+++ GIVEN INFORMATION
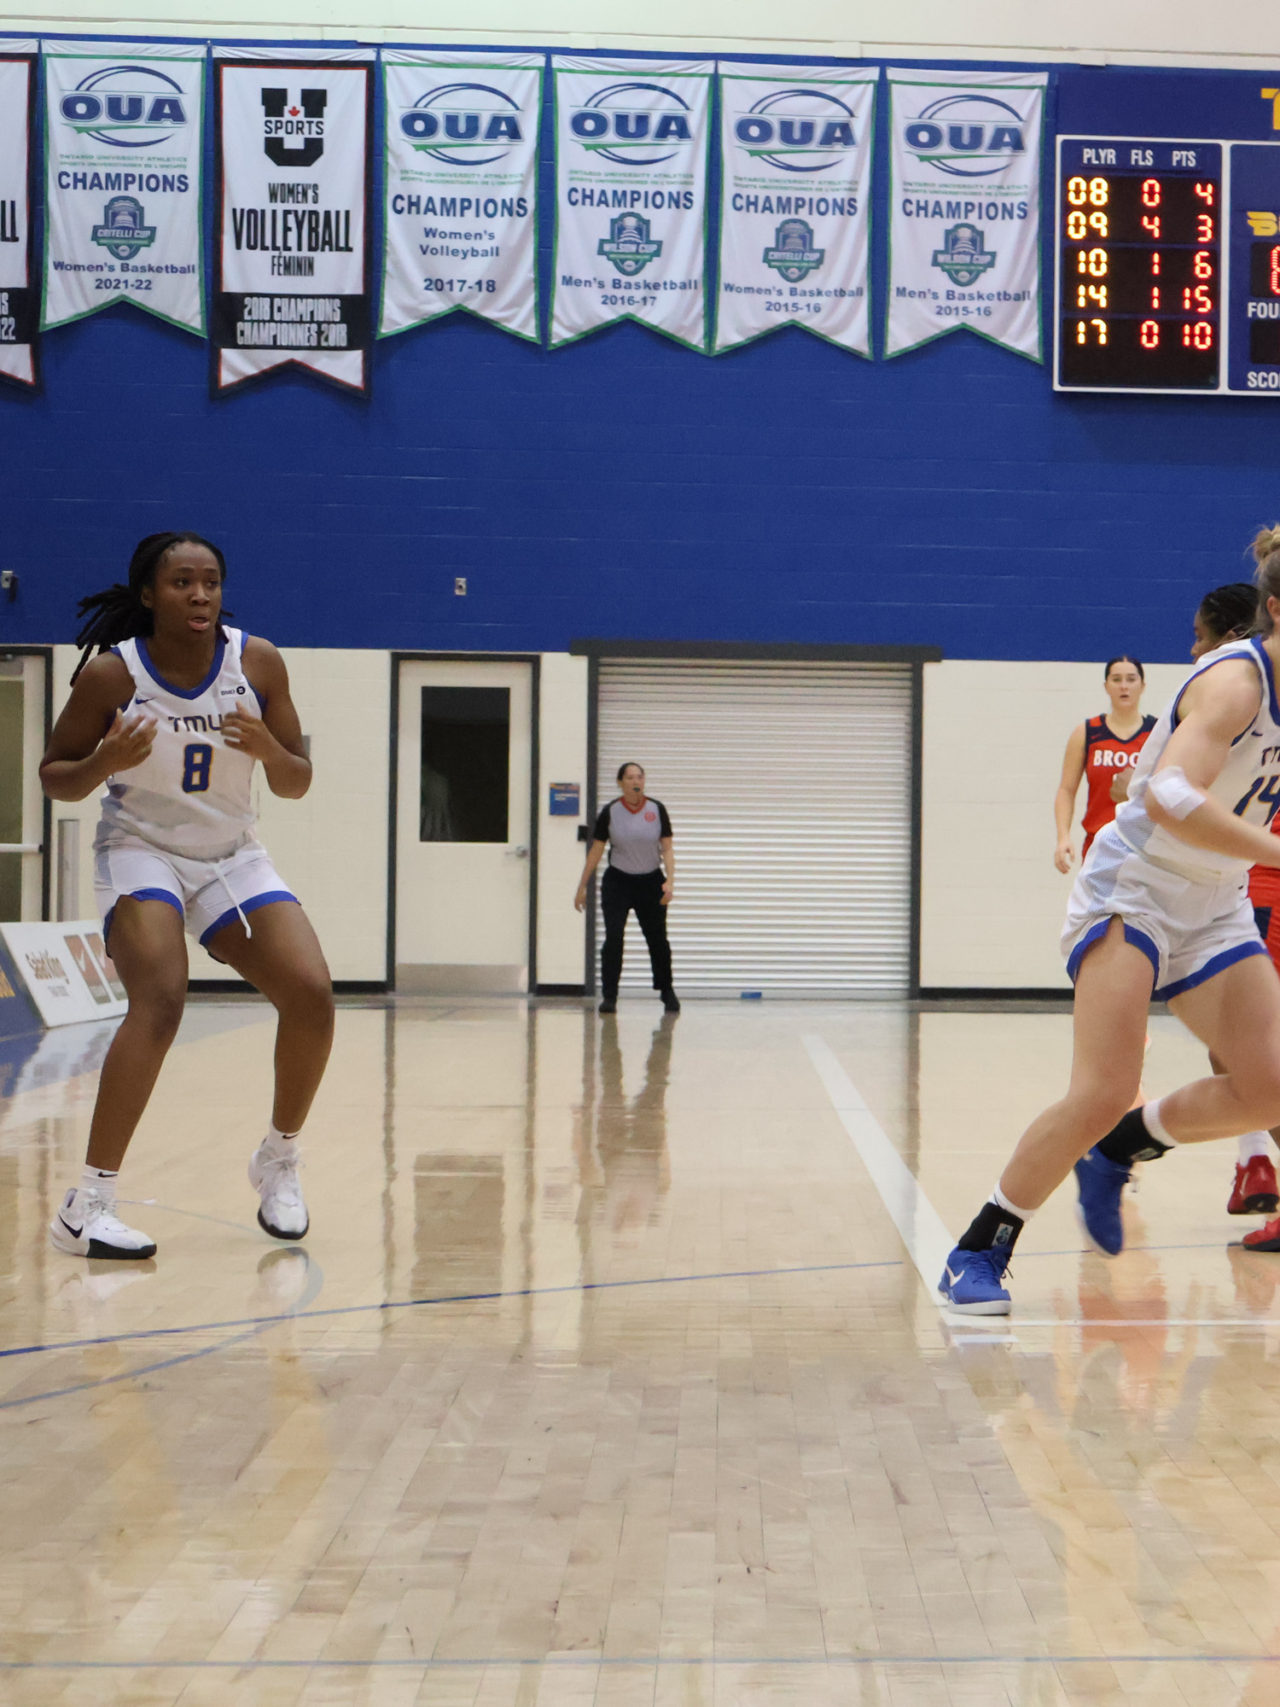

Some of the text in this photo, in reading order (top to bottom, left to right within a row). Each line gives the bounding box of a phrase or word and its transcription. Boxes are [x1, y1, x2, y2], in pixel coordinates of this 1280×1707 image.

[60, 94, 188, 123] OUA
[264, 120, 324, 135] SPORTS
[400, 111, 523, 141] OUA
[571, 111, 694, 141] OUA
[736, 118, 856, 147] OUA
[905, 123, 1025, 151] OUA
[1083, 148, 1196, 167] PLYR FLS PTS
[58, 171, 189, 193] CHAMPIONS
[1067, 176, 1213, 207] 08 0 4
[268, 183, 319, 204] WOMEN'S
[568, 187, 694, 209] CHAMPIONS
[732, 193, 858, 216] CHAMPIONS
[392, 194, 528, 219] CHAMPIONS
[902, 198, 1028, 220] CHAMPIONS
[232, 208, 353, 252] VOLLEYBALL
[424, 228, 495, 241] Women's
[1067, 211, 1212, 242] 09 4 3
[271, 251, 314, 276] FÉMININ
[420, 245, 499, 260] Volleyball
[1078, 248, 1212, 279] 10 1 6
[53, 261, 195, 274] Women's Basketball
[95, 279, 152, 290] 2021-22
[424, 278, 496, 293] 2017-18
[562, 275, 697, 291] Men's Basketball
[724, 283, 863, 298] Women's Basketball
[896, 286, 1031, 302] Men's Basketball
[244, 297, 341, 321] 2018 CHAMPIONS
[601, 294, 657, 306] 2016-17
[765, 301, 821, 313] 2015-16
[1077, 284, 1212, 313] 14 1 15
[935, 305, 992, 317] 2015-16
[1077, 318, 1212, 349] 17 0 10
[168, 713, 222, 733] TMU
[182, 743, 214, 793] 8
[1093, 749, 1141, 768] BROC
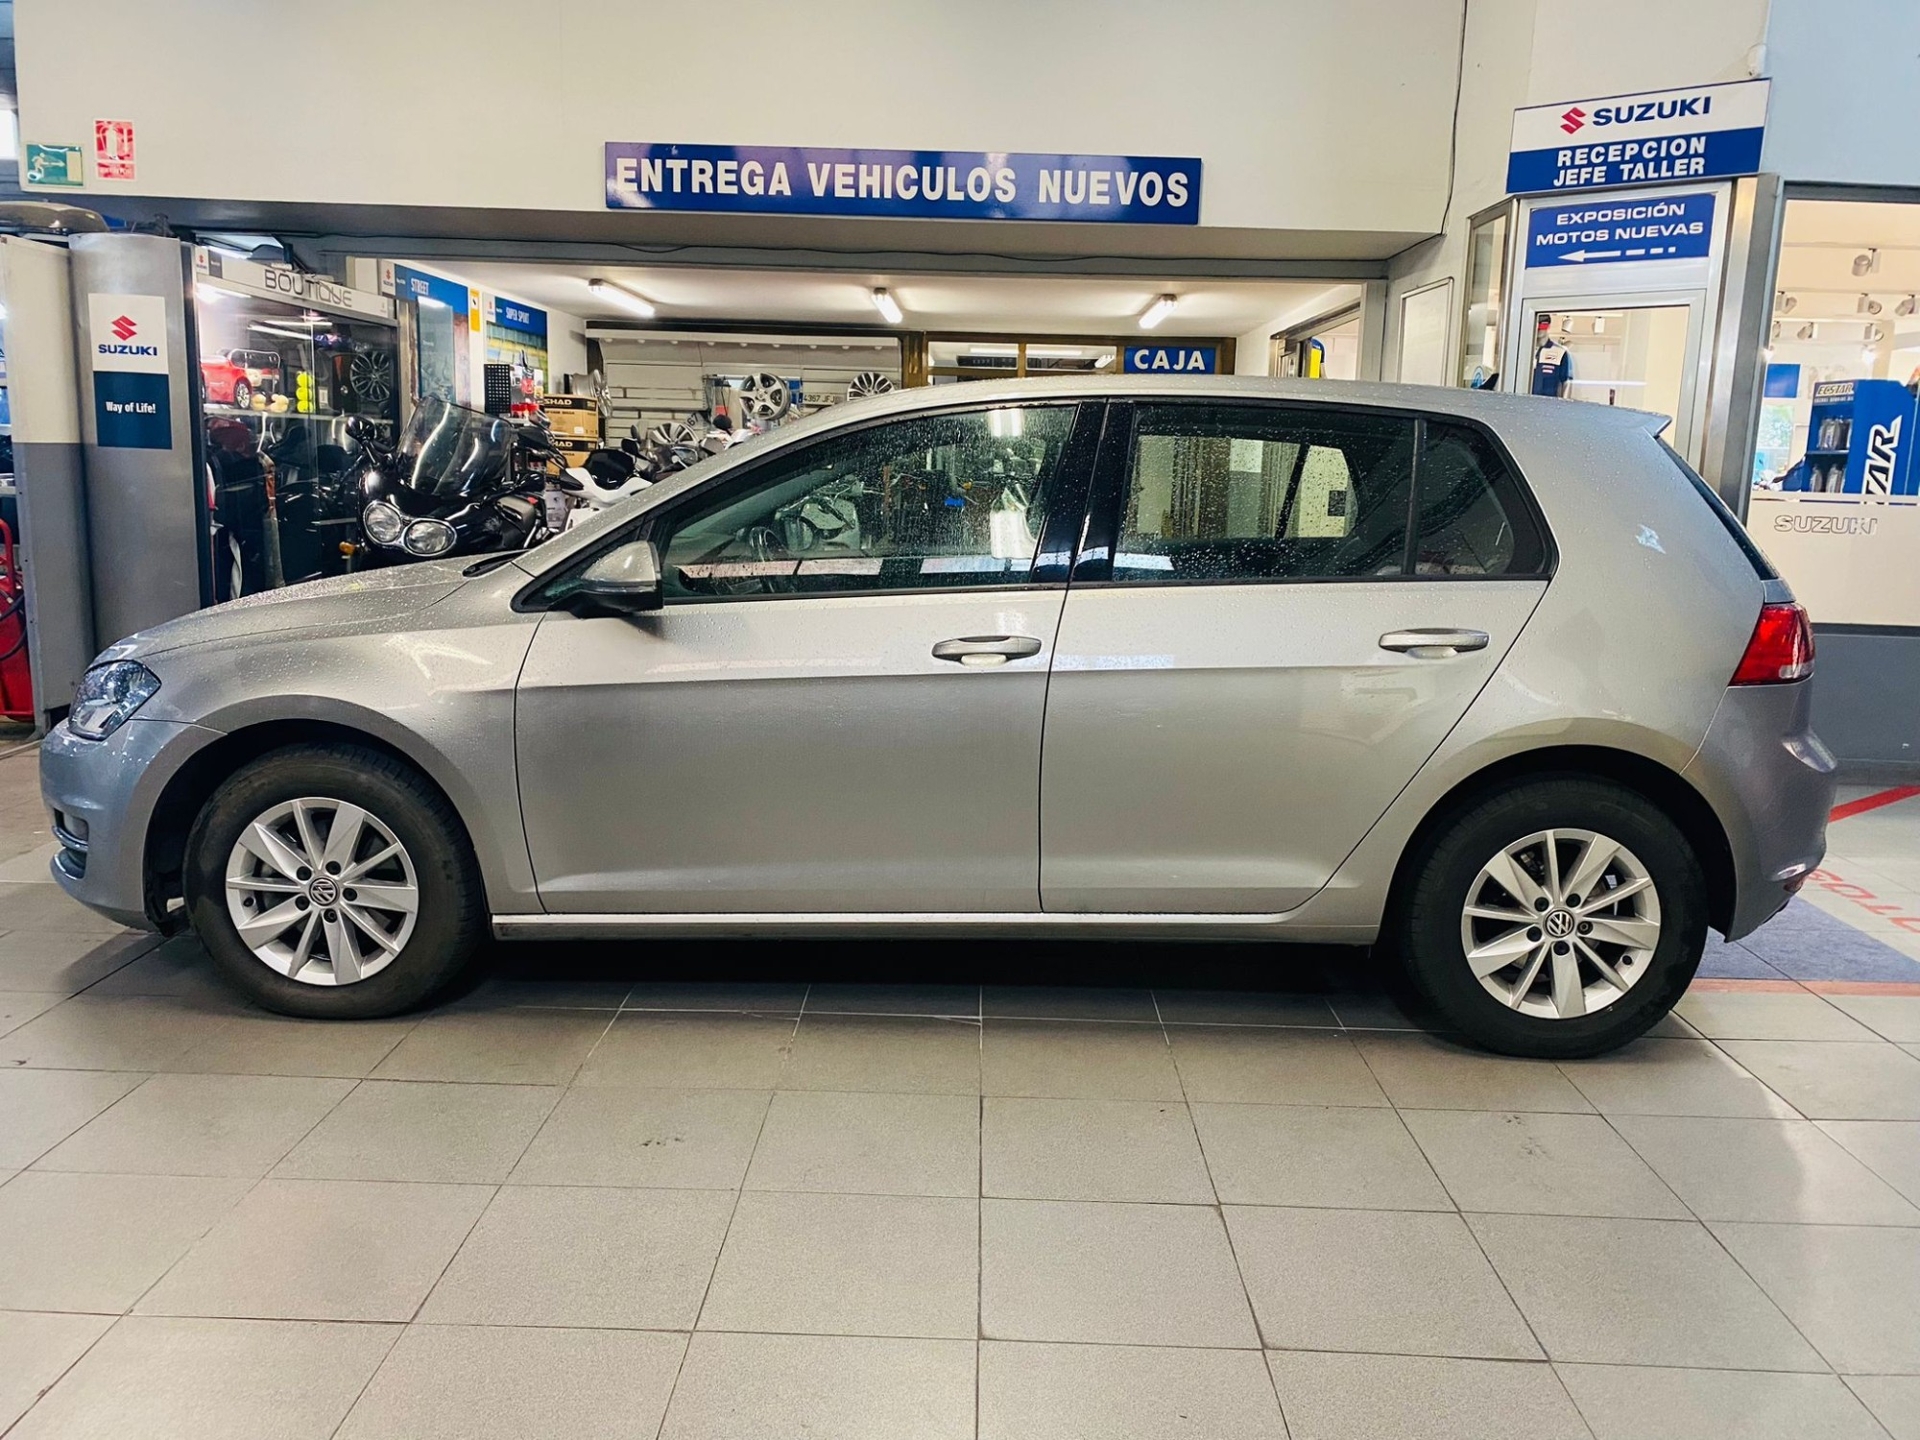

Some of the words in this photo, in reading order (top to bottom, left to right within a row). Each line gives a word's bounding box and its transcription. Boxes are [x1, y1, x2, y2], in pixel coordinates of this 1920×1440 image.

[1592, 96, 1712, 127] SUZUKI
[1557, 136, 1707, 168] RECEPCION
[615, 157, 792, 196] ENTREGA
[807, 162, 1017, 203] VEHICULOS
[1038, 169, 1189, 207] NUEVOS
[1553, 165, 1607, 188] JEFE
[1619, 157, 1706, 181] TALLER
[1556, 202, 1686, 226] EXPOSICIÓN
[1536, 229, 1609, 246] MOTOS
[1615, 222, 1704, 241] NUEVAS
[264, 268, 353, 308] BOUTIQUE
[411, 277, 429, 296] STREET
[98, 344, 157, 357] SUZUKI
[1133, 348, 1206, 371] CAJA
[105, 401, 122, 413] Way
[124, 402, 133, 413] of
[135, 401, 156, 414] Life!
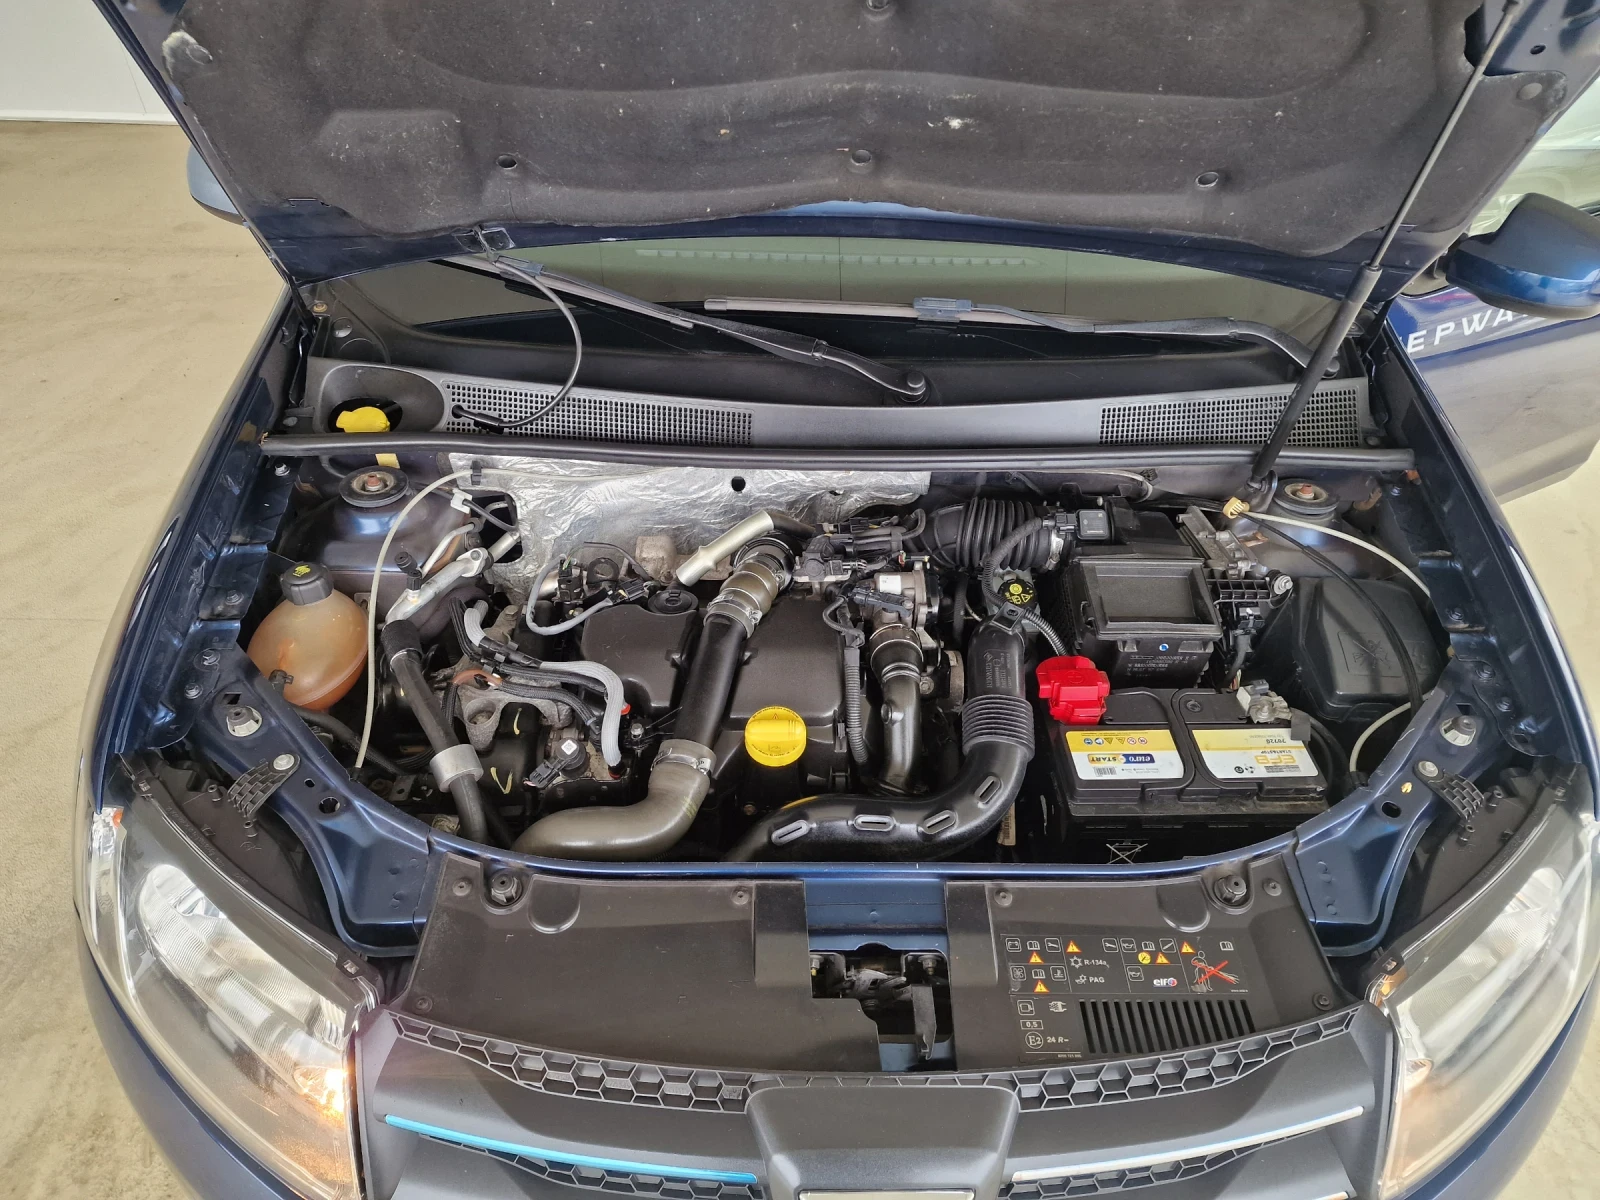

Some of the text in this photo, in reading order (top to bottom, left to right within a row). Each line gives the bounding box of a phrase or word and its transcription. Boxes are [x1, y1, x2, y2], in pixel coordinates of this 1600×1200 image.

[1400, 309, 1528, 353] EPWA
[1128, 755, 1151, 763] euro
[1254, 754, 1296, 764] EFB
[1153, 978, 1168, 986] elf
[1028, 1035, 1041, 1046] E2
++++++
DESCRIPTION OF THE TASK: Set down exactly the lines beginning at the one that holds "this 1600×1200 image." and ending with the last line of the data.

ANSWER SECTION:
Some of the text in this photo, in reading order (top to bottom, left to right within a row). Each line gives the bounding box of a phrase or word and its transcription. Boxes are [x1, y1, x2, y2], in pixel coordinates of this 1600×1200 image.

[1400, 309, 1528, 353] EPWA
[1128, 755, 1151, 763] euro
[1254, 754, 1296, 764] EFB
[1153, 978, 1168, 986] elf
[1028, 1035, 1041, 1046] E2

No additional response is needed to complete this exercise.